(YOUR OBJECTIVE)
Your output should reproduce each entry exactly, with none of its pictures.

(INFORMATION GIVEN)
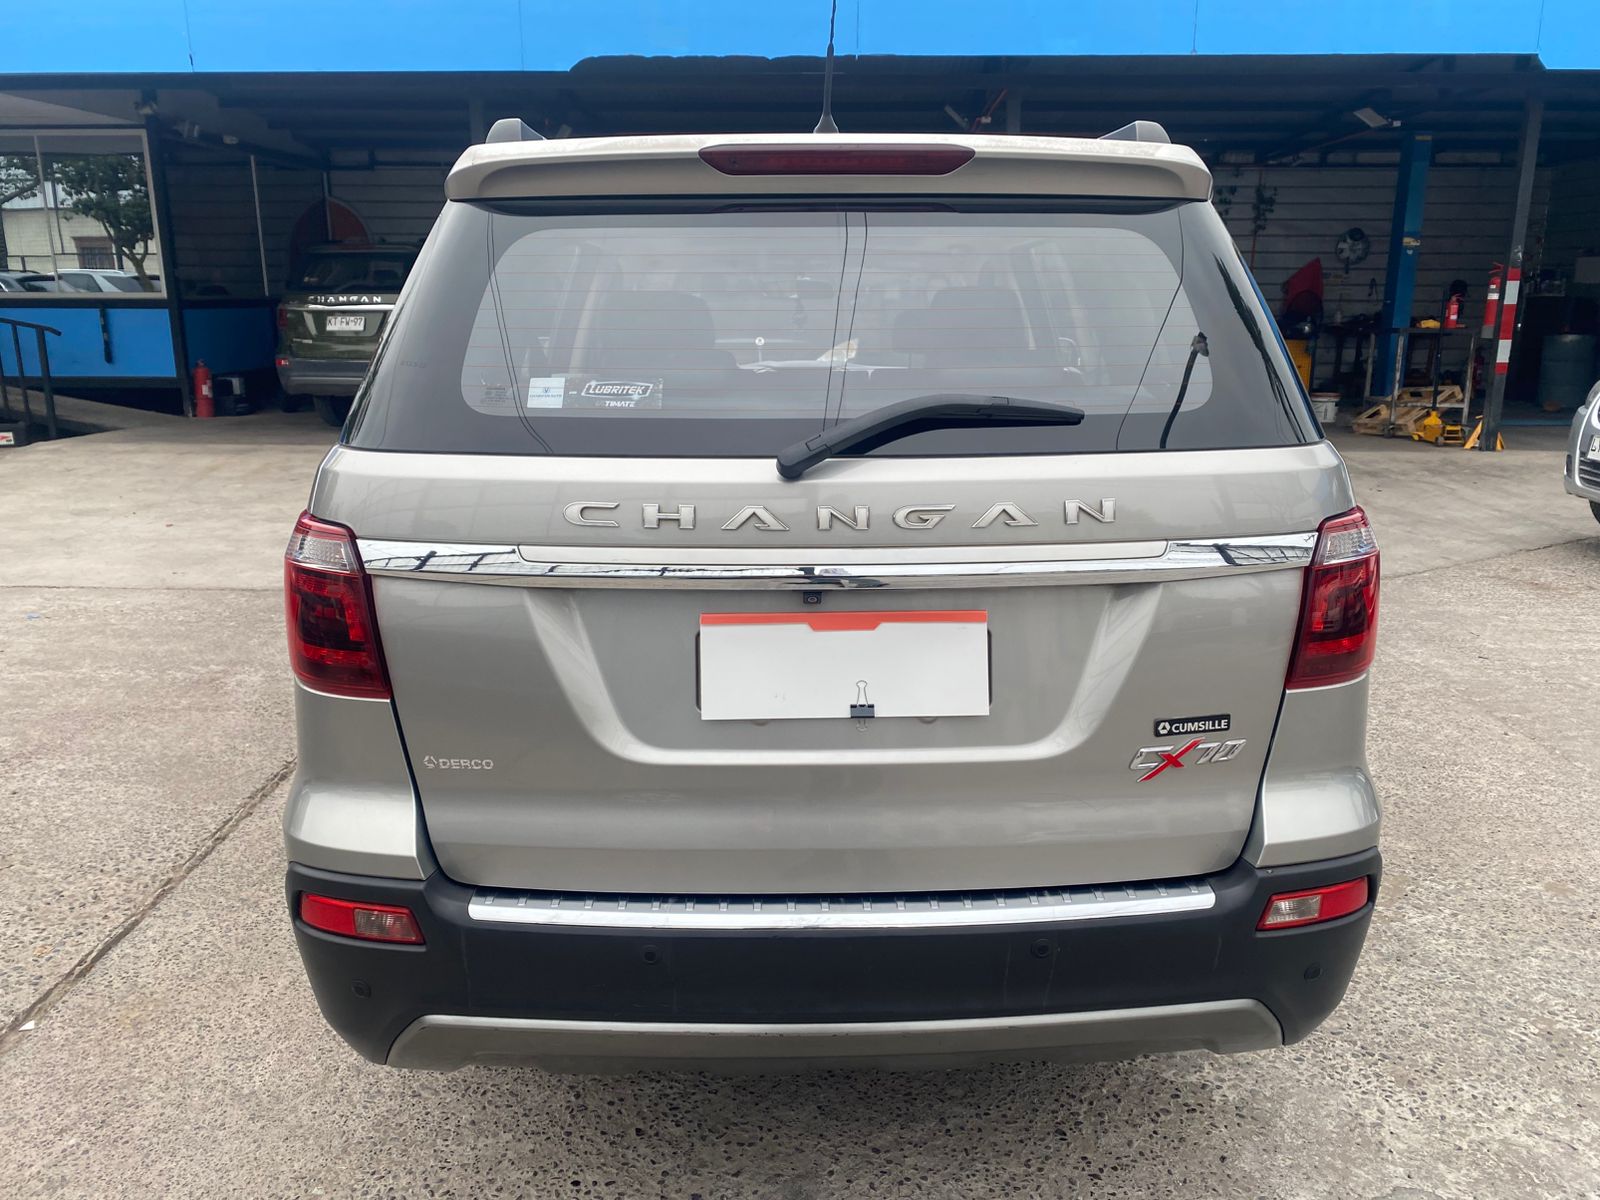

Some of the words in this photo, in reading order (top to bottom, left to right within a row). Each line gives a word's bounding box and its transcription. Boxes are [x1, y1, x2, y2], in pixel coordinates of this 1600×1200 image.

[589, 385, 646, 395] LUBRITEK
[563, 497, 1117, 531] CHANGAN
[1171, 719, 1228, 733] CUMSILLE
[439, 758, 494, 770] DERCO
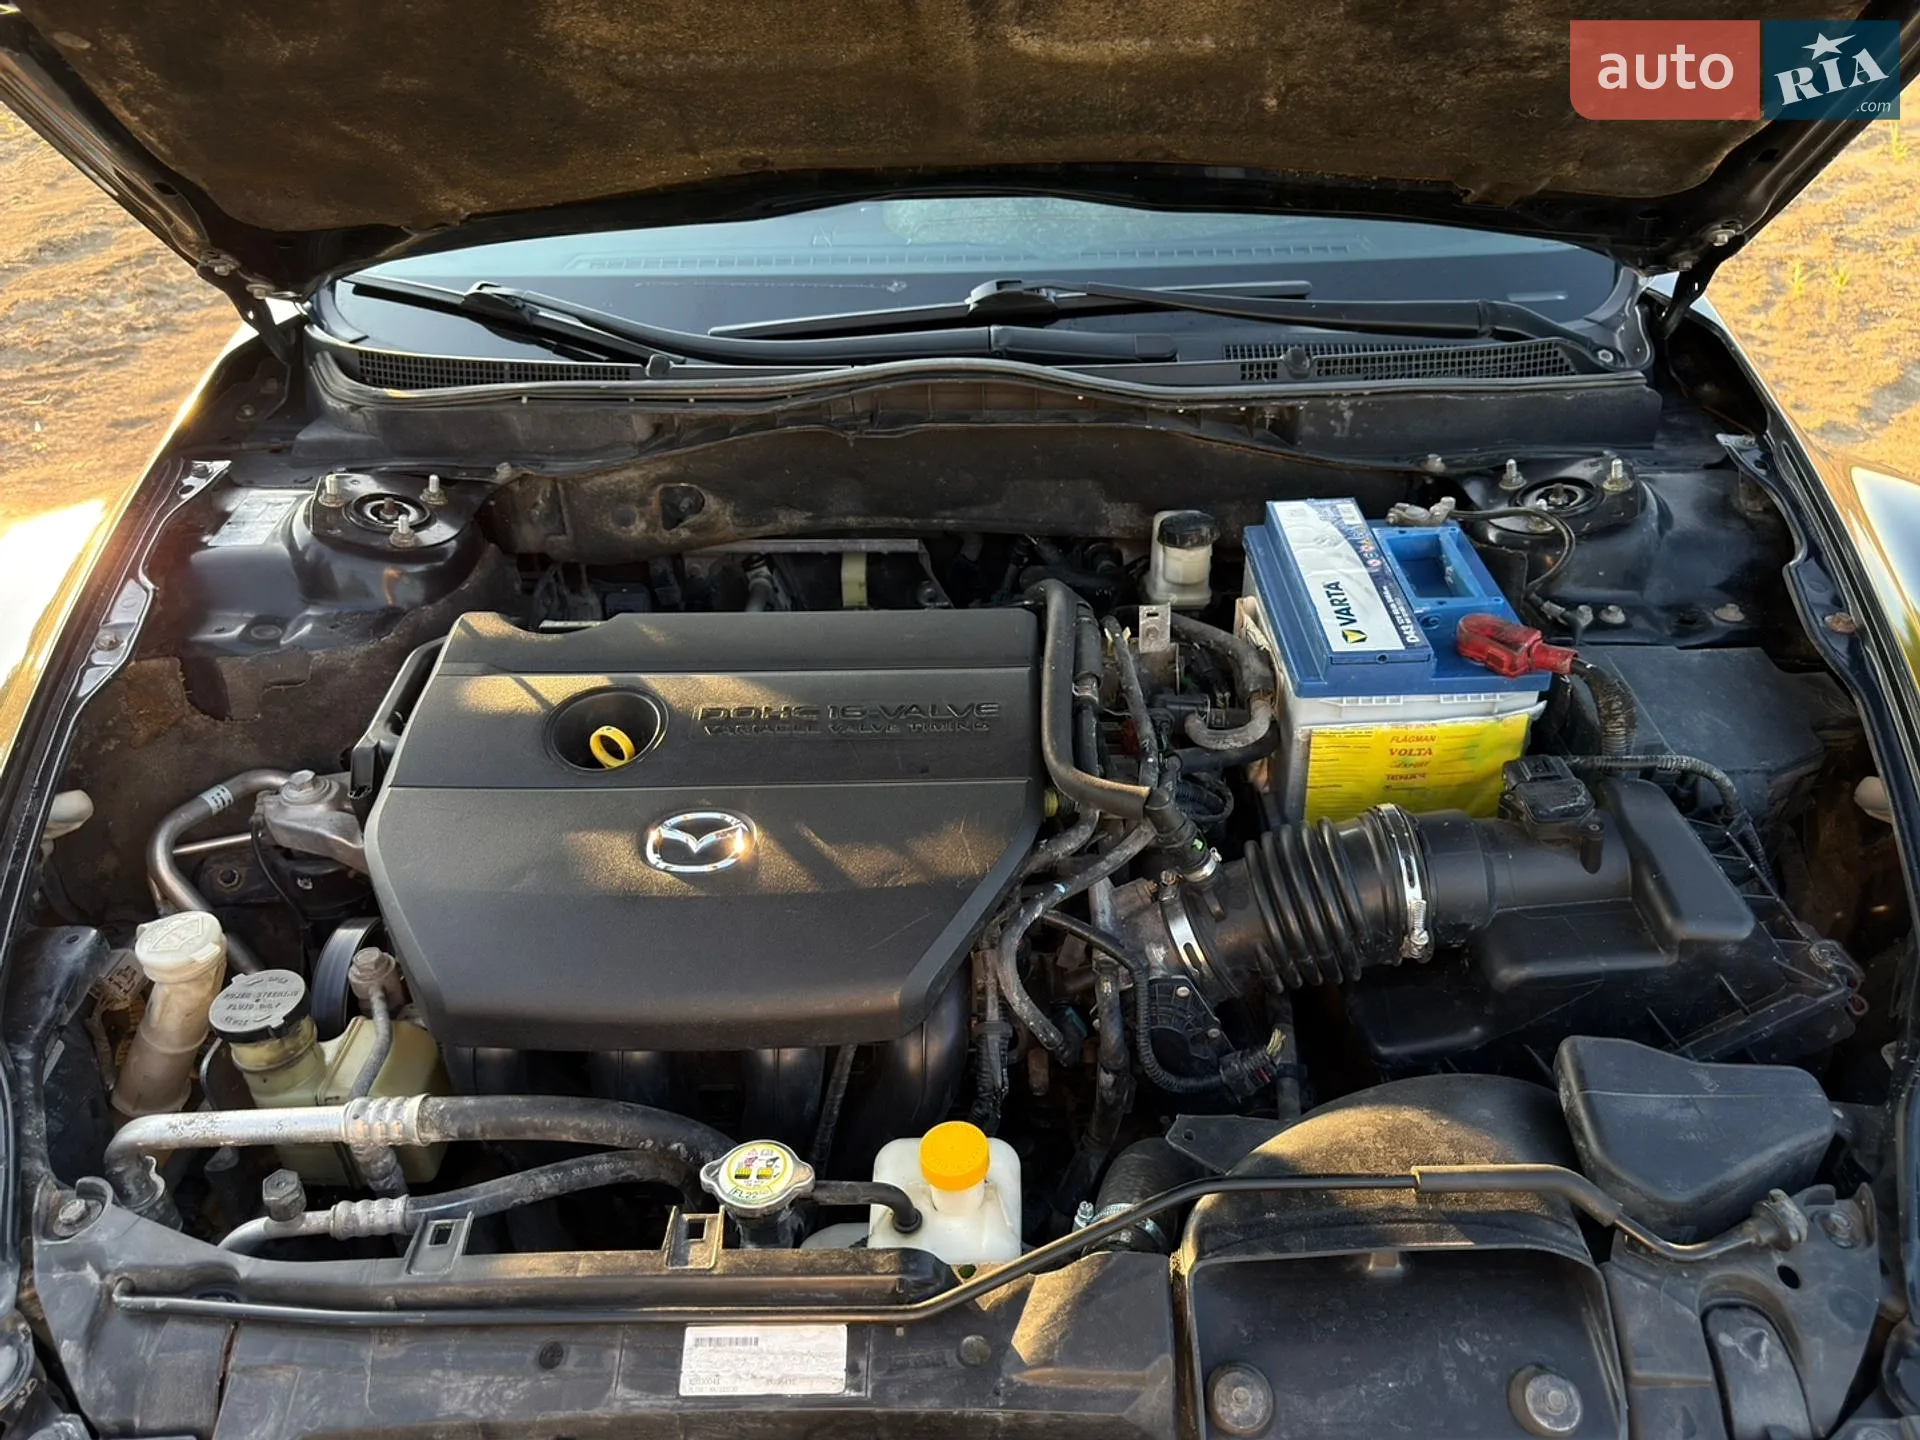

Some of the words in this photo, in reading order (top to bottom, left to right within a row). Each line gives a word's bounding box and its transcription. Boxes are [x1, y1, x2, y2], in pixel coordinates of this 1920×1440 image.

(RESULT FOR THIS TASK)
Some of the words in this photo, in reading order (top to bottom, left to right within a row). Each line gives a word's bounding box and its transcription. Boxes are [x1, y1, x2, y2], in pixel coordinates of this 1600×1200 image.

[589, 385, 646, 395] LUBRITEK
[563, 497, 1117, 531] CHANGAN
[1171, 719, 1228, 733] CUMSILLE
[439, 758, 494, 770] DERCO

Some of the words in this photo, in reading order (top to bottom, left to right within a row). Each line gives a word's bounding box and its transcription. Boxes are [x1, y1, x2, y2], in pixel coordinates of this 1920×1440 image.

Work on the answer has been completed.